- _WHAT YOU ARE ASKED TO DO_:
What is needed is an exact copy of all the lines below.

- _EXTRACTED INFORMATION_:
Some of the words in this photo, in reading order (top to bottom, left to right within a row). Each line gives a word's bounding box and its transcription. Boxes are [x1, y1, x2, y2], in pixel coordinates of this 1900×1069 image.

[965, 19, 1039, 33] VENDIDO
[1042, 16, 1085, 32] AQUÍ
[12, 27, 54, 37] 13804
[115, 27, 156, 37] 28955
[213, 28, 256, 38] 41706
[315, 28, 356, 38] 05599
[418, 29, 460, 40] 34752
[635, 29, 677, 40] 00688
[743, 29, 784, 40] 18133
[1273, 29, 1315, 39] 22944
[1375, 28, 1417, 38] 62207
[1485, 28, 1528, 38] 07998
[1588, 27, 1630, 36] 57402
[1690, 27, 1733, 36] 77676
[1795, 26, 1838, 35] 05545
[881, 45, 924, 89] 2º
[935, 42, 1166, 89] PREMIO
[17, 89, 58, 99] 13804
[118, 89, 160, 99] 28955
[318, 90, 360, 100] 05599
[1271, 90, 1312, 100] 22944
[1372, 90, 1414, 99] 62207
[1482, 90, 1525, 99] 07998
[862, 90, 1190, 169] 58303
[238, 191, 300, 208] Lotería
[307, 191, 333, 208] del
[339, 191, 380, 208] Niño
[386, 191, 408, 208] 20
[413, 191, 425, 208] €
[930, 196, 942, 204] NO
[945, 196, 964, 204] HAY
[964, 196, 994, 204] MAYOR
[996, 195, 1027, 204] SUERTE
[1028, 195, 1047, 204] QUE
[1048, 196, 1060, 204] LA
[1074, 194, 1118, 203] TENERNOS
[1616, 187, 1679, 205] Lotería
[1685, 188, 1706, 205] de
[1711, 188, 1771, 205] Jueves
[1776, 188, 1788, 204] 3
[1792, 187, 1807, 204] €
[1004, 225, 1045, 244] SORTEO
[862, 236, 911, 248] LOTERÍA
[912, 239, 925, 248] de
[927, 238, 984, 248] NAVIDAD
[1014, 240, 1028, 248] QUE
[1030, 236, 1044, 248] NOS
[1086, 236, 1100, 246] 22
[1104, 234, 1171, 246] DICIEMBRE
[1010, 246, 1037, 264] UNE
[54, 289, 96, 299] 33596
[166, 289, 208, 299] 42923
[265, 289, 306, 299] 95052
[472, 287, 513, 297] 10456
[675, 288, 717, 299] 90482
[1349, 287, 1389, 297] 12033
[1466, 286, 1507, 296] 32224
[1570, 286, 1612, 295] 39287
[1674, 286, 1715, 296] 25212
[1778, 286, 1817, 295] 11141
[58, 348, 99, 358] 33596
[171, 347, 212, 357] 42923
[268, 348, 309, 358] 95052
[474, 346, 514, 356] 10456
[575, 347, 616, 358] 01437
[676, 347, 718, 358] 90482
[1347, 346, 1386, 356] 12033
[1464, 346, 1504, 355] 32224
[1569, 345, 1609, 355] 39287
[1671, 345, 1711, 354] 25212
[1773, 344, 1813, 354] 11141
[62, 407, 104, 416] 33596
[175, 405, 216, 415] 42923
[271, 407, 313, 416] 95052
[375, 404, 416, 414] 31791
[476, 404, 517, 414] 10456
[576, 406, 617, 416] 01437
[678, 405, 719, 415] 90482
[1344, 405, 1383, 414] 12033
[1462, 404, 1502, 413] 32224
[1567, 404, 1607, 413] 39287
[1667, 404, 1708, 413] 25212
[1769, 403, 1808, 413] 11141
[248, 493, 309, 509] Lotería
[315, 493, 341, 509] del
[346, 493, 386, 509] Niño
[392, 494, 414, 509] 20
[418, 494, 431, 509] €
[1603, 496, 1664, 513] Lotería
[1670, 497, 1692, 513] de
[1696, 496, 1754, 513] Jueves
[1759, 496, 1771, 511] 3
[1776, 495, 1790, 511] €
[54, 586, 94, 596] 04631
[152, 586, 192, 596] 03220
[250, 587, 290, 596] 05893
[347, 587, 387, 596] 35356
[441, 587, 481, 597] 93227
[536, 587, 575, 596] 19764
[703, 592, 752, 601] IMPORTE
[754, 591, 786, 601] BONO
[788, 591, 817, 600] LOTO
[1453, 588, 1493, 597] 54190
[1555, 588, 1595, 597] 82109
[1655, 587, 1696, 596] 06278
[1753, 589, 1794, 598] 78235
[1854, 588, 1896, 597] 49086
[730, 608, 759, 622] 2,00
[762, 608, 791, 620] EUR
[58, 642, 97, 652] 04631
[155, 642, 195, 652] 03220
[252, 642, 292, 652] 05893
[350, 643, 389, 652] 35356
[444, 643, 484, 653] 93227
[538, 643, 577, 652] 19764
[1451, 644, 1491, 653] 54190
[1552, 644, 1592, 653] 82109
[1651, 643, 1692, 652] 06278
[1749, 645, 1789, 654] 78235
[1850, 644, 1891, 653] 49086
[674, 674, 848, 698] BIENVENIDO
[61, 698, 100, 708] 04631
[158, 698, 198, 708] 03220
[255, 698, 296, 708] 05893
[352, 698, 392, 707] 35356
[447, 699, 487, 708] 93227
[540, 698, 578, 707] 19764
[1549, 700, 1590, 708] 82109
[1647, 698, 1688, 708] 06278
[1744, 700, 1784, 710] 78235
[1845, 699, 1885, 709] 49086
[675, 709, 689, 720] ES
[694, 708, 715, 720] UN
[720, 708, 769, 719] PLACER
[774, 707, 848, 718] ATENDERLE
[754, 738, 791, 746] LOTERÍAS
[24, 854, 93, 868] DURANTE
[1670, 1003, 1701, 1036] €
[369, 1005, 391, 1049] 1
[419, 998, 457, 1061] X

- _REPLY TO THE EXERCISE_:
Some of the words in this photo, in reading order (top to bottom, left to right within a row). Each line gives a word's bounding box and its transcription. Boxes are [x1, y1, x2, y2], in pixel coordinates of this 1900×1069 image.

[965, 19, 1039, 33] VENDIDO
[1042, 16, 1085, 32] AQUÍ
[12, 27, 54, 37] 13804
[115, 27, 156, 37] 28955
[213, 28, 256, 38] 41706
[315, 28, 356, 38] 05599
[418, 29, 460, 40] 34752
[635, 29, 677, 40] 00688
[743, 29, 784, 40] 18133
[1273, 29, 1315, 39] 22944
[1375, 28, 1417, 38] 62207
[1485, 28, 1528, 38] 07998
[1588, 27, 1630, 36] 57402
[1690, 27, 1733, 36] 77676
[1795, 26, 1838, 35] 05545
[881, 45, 924, 89] 2º
[935, 42, 1166, 89] PREMIO
[17, 89, 58, 99] 13804
[118, 89, 160, 99] 28955
[318, 90, 360, 100] 05599
[1271, 90, 1312, 100] 22944
[1372, 90, 1414, 99] 62207
[1482, 90, 1525, 99] 07998
[862, 90, 1190, 169] 58303
[238, 191, 300, 208] Lotería
[307, 191, 333, 208] del
[339, 191, 380, 208] Niño
[386, 191, 408, 208] 20
[413, 191, 425, 208] €
[930, 196, 942, 204] NO
[945, 196, 964, 204] HAY
[964, 196, 994, 204] MAYOR
[996, 195, 1027, 204] SUERTE
[1028, 195, 1047, 204] QUE
[1048, 196, 1060, 204] LA
[1074, 194, 1118, 203] TENERNOS
[1616, 187, 1679, 205] Lotería
[1685, 188, 1706, 205] de
[1711, 188, 1771, 205] Jueves
[1776, 188, 1788, 204] 3
[1792, 187, 1807, 204] €
[1004, 225, 1045, 244] SORTEO
[862, 236, 911, 248] LOTERÍA
[912, 239, 925, 248] de
[927, 238, 984, 248] NAVIDAD
[1014, 240, 1028, 248] QUE
[1030, 236, 1044, 248] NOS
[1086, 236, 1100, 246] 22
[1104, 234, 1171, 246] DICIEMBRE
[1010, 246, 1037, 264] UNE
[54, 289, 96, 299] 33596
[166, 289, 208, 299] 42923
[265, 289, 306, 299] 95052
[472, 287, 513, 297] 10456
[675, 288, 717, 299] 90482
[1349, 287, 1389, 297] 12033
[1466, 286, 1507, 296] 32224
[1570, 286, 1612, 295] 39287
[1674, 286, 1715, 296] 25212
[1778, 286, 1817, 295] 11141
[58, 348, 99, 358] 33596
[171, 347, 212, 357] 42923
[268, 348, 309, 358] 95052
[474, 346, 514, 356] 10456
[575, 347, 616, 358] 01437
[676, 347, 718, 358] 90482
[1347, 346, 1386, 356] 12033
[1464, 346, 1504, 355] 32224
[1569, 345, 1609, 355] 39287
[1671, 345, 1711, 354] 25212
[1773, 344, 1813, 354] 11141
[62, 407, 104, 416] 33596
[175, 405, 216, 415] 42923
[271, 407, 313, 416] 95052
[375, 404, 416, 414] 31791
[476, 404, 517, 414] 10456
[576, 406, 617, 416] 01437
[678, 405, 719, 415] 90482
[1344, 405, 1383, 414] 12033
[1462, 404, 1502, 413] 32224
[1567, 404, 1607, 413] 39287
[1667, 404, 1708, 413] 25212
[1769, 403, 1808, 413] 11141
[248, 493, 309, 509] Lotería
[315, 493, 341, 509] del
[346, 493, 386, 509] Niño
[392, 494, 414, 509] 20
[418, 494, 431, 509] €
[1603, 496, 1664, 513] Lotería
[1670, 497, 1692, 513] de
[1696, 496, 1754, 513] Jueves
[1759, 496, 1771, 511] 3
[1776, 495, 1790, 511] €
[54, 586, 94, 596] 04631
[152, 586, 192, 596] 03220
[250, 587, 290, 596] 05893
[347, 587, 387, 596] 35356
[441, 587, 481, 597] 93227
[536, 587, 575, 596] 19764
[703, 592, 752, 601] IMPORTE
[754, 591, 786, 601] BONO
[788, 591, 817, 600] LOTO
[1453, 588, 1493, 597] 54190
[1555, 588, 1595, 597] 82109
[1655, 587, 1696, 596] 06278
[1753, 589, 1794, 598] 78235
[1854, 588, 1896, 597] 49086
[730, 608, 759, 622] 2,00
[762, 608, 791, 620] EUR
[58, 642, 97, 652] 04631
[155, 642, 195, 652] 03220
[252, 642, 292, 652] 05893
[350, 643, 389, 652] 35356
[444, 643, 484, 653] 93227
[538, 643, 577, 652] 19764
[1451, 644, 1491, 653] 54190
[1552, 644, 1592, 653] 82109
[1651, 643, 1692, 652] 06278
[1749, 645, 1789, 654] 78235
[1850, 644, 1891, 653] 49086
[674, 674, 848, 698] BIENVENIDO
[61, 698, 100, 708] 04631
[158, 698, 198, 708] 03220
[255, 698, 296, 708] 05893
[352, 698, 392, 707] 35356
[447, 699, 487, 708] 93227
[540, 698, 578, 707] 19764
[1549, 700, 1590, 708] 82109
[1647, 698, 1688, 708] 06278
[1744, 700, 1784, 710] 78235
[1845, 699, 1885, 709] 49086
[675, 709, 689, 720] ES
[694, 708, 715, 720] UN
[720, 708, 769, 719] PLACER
[774, 707, 848, 718] ATENDERLE
[754, 738, 791, 746] LOTERÍAS
[24, 854, 93, 868] DURANTE
[1670, 1003, 1701, 1036] €
[369, 1005, 391, 1049] 1
[419, 998, 457, 1061] X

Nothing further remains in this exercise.